● What is needed
Could every line below be transcribed exactly, with the pictures dropped?

[Start of section]

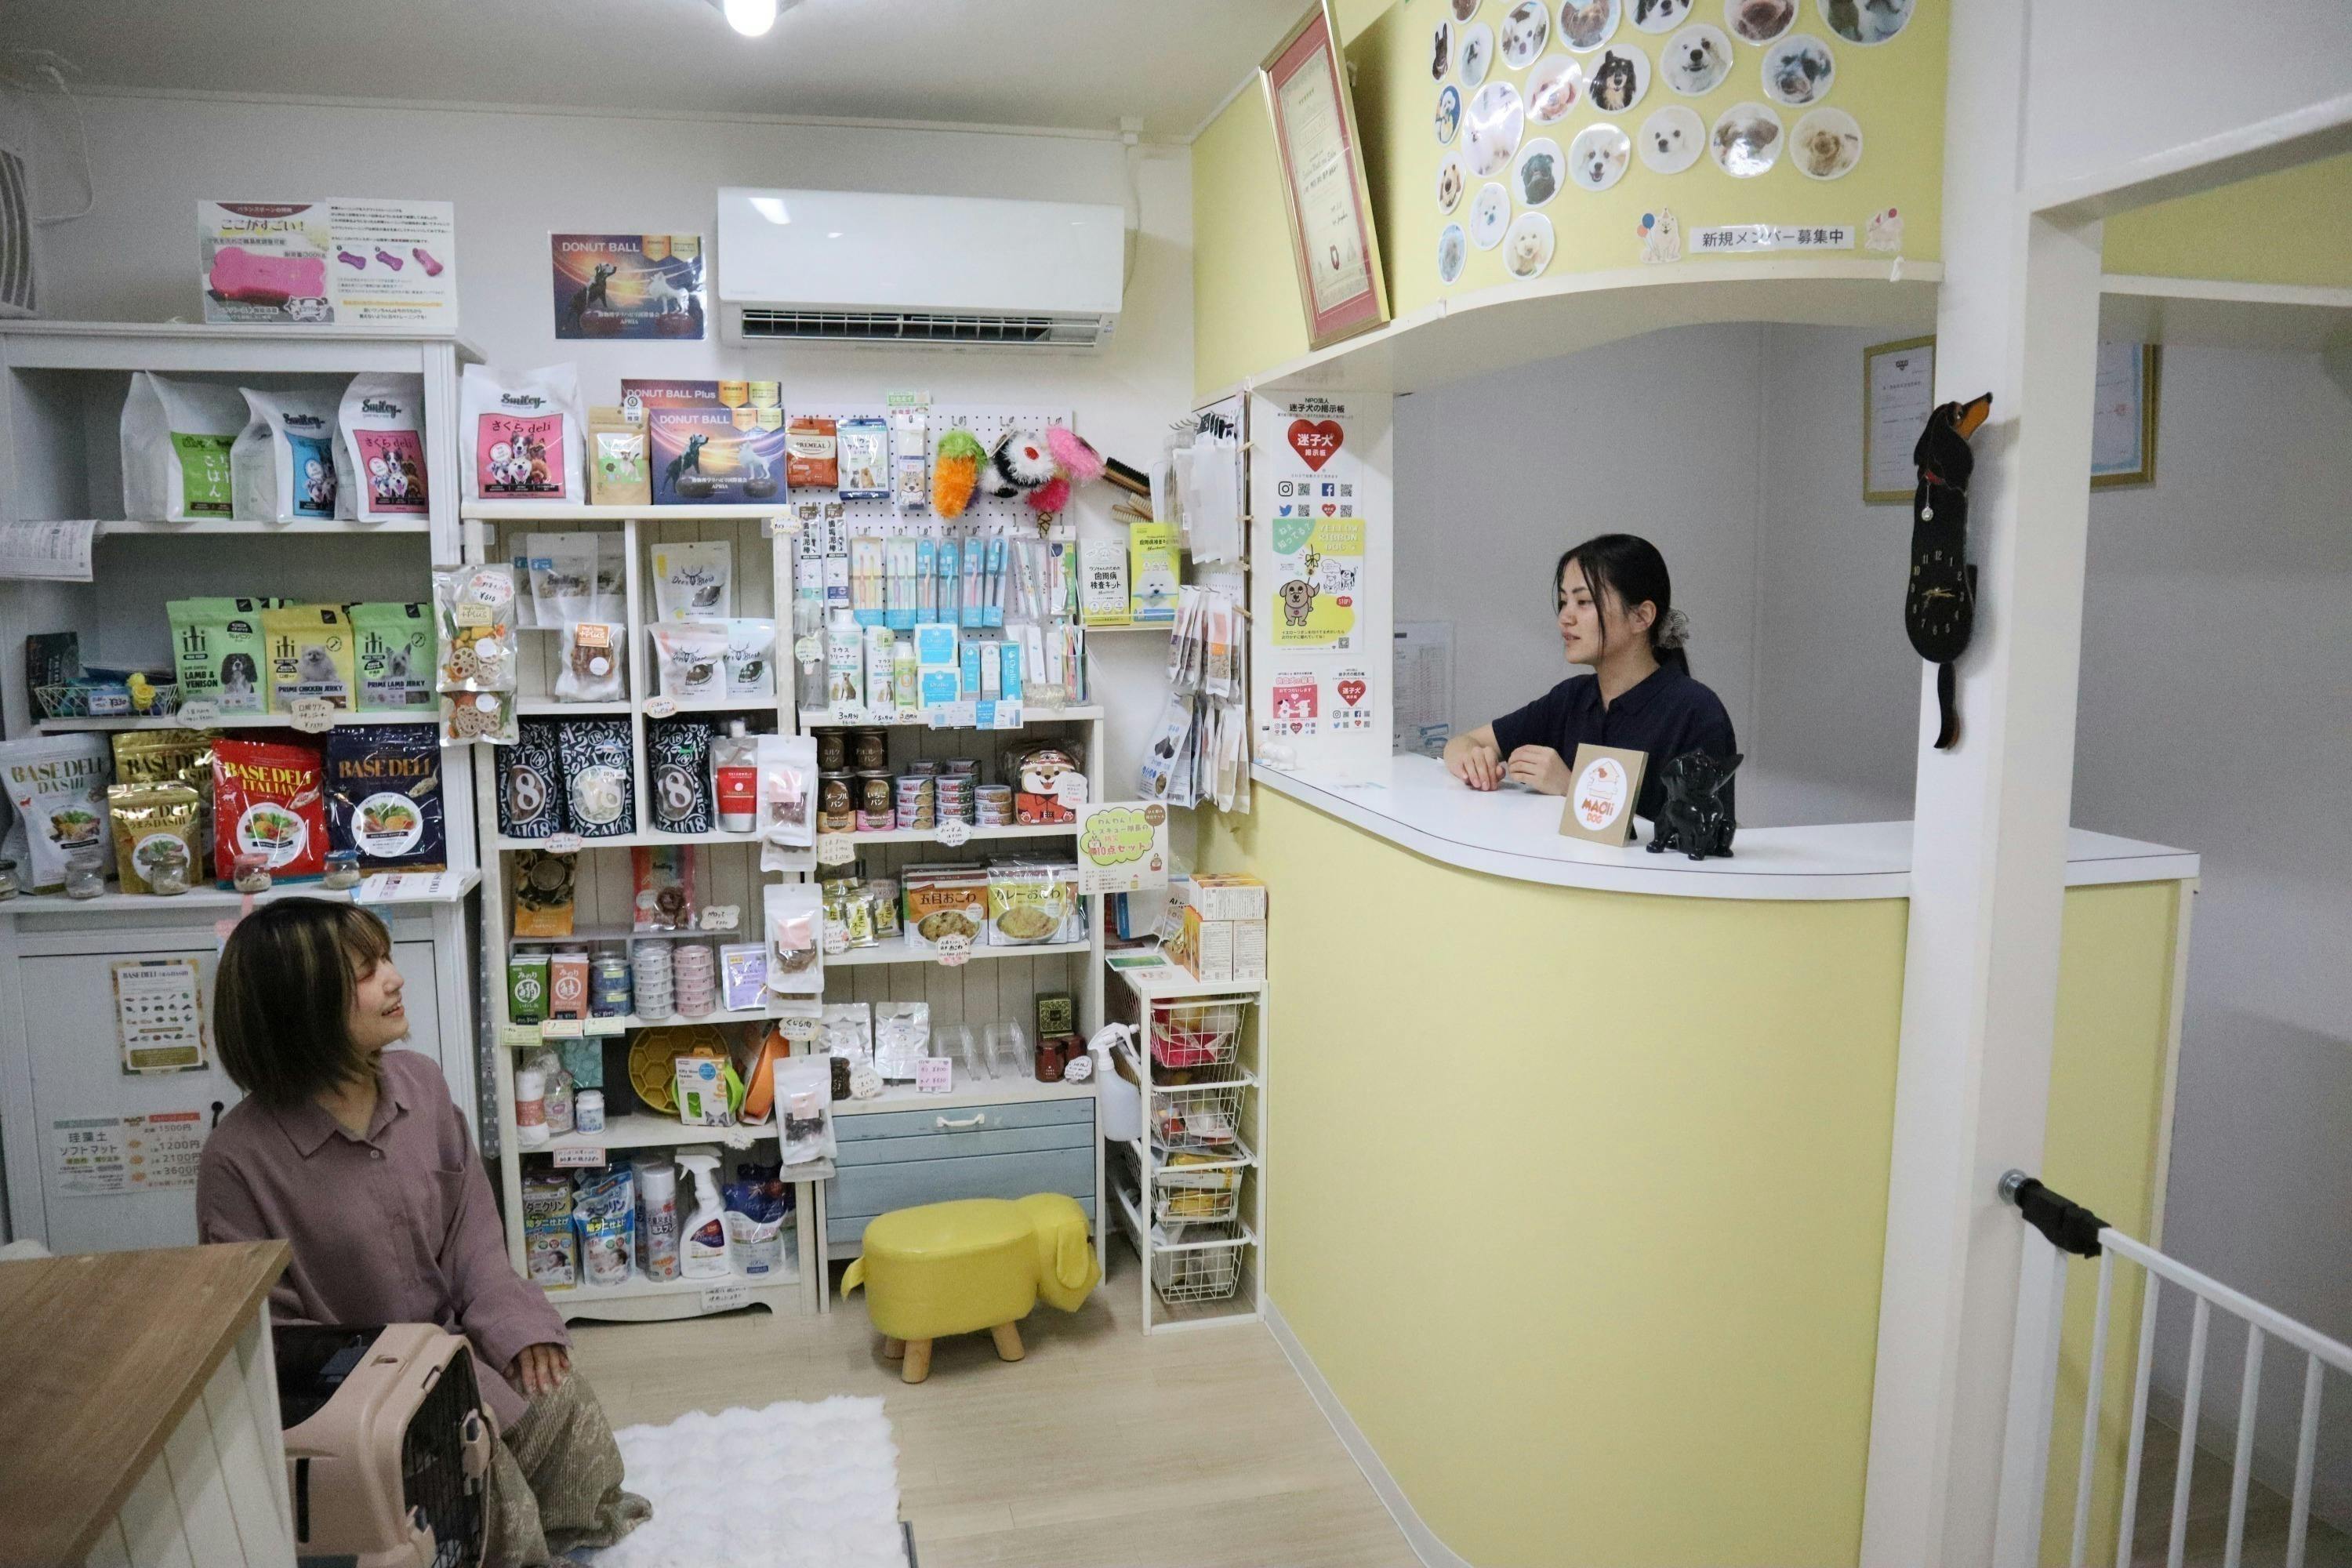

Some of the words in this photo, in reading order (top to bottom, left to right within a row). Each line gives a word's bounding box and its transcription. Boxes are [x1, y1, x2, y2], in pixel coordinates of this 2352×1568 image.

[1702, 228, 1844, 247] 新規メンバー募集中
[561, 242, 605, 252] DONUT
[608, 242, 640, 252] BALL
[626, 389, 664, 398] DONUT
[666, 389, 692, 398] BALL
[500, 393, 546, 408] Smiley
[362, 399, 401, 419] Smiley
[1289, 404, 1345, 413] 迷子犬の掲示板
[659, 415, 699, 424] DONUT
[702, 416, 730, 424] BALL
[492, 420, 524, 433] さくら
[528, 423, 551, 433] deli
[365, 437, 391, 448] さくら
[394, 437, 413, 448] deli
[1298, 434, 1333, 446] 迷子犬
[1922, 554, 1929, 564] 11
[1935, 550, 1942, 561] 12
[1914, 565, 1920, 575] 10
[1957, 571, 1962, 580] 2
[1911, 583, 1915, 593] 9
[1960, 591, 1964, 602] 3
[1933, 625, 1937, 635] 6
[1945, 623, 1950, 633] 5
[184, 671, 207, 680] LAMB
[186, 680, 218, 688] VENISON
[11, 761, 61, 782] BASE
[63, 757, 103, 776] DELI
[126, 753, 172, 775] BASE
[339, 760, 387, 779] BASE
[389, 758, 430, 777] DELI
[225, 761, 270, 782] BASE
[271, 768, 311, 786] DELI
[38, 777, 83, 794] DASHI
[242, 780, 296, 797] ITALIAN
[1587, 813, 1602, 824] DOG
[920, 891, 977, 905] 五目おこわ
[994, 889, 1061, 901] カレーおこわ
[159, 1140, 201, 1149] 1200円
[60, 1145, 118, 1156] ソフトマット
[162, 1152, 201, 1163] 2100円
[526, 1202, 566, 1213] ダニクリン
[587, 1200, 626, 1215] ダニクリン

[End of section]

● Exercise output
Some of the words in this photo, in reading order (top to bottom, left to right within a row). Each line gives a word's bounding box and its transcription. Boxes are [x1, y1, x2, y2], in pixel coordinates of this 2352×1568 image.

[1702, 228, 1844, 247] 新規メンバー募集中
[561, 242, 605, 252] DONUT
[608, 242, 640, 252] BALL
[626, 389, 664, 398] DONUT
[666, 389, 692, 398] BALL
[500, 393, 546, 408] Smiley
[362, 399, 401, 419] Smiley
[1289, 404, 1345, 413] 迷子犬の掲示板
[659, 415, 699, 424] DONUT
[702, 416, 730, 424] BALL
[492, 420, 524, 433] さくら
[528, 423, 551, 433] deli
[365, 437, 391, 448] さくら
[394, 437, 413, 448] deli
[1298, 434, 1333, 446] 迷子犬
[1922, 554, 1929, 564] 11
[1935, 550, 1942, 561] 12
[1914, 565, 1920, 575] 10
[1957, 571, 1962, 580] 2
[1911, 583, 1915, 593] 9
[1960, 591, 1964, 602] 3
[1933, 625, 1937, 635] 6
[1945, 623, 1950, 633] 5
[184, 671, 207, 680] LAMB
[186, 680, 218, 688] VENISON
[11, 761, 61, 782] BASE
[63, 757, 103, 776] DELI
[126, 753, 172, 775] BASE
[339, 760, 387, 779] BASE
[389, 758, 430, 777] DELI
[225, 761, 270, 782] BASE
[271, 768, 311, 786] DELI
[38, 777, 83, 794] DASHI
[242, 780, 296, 797] ITALIAN
[1587, 813, 1602, 824] DOG
[920, 891, 977, 905] 五目おこわ
[994, 889, 1061, 901] カレーおこわ
[159, 1140, 201, 1149] 1200円
[60, 1145, 118, 1156] ソフトマット
[162, 1152, 201, 1163] 2100円
[526, 1202, 566, 1213] ダニクリン
[587, 1200, 626, 1215] ダニクリン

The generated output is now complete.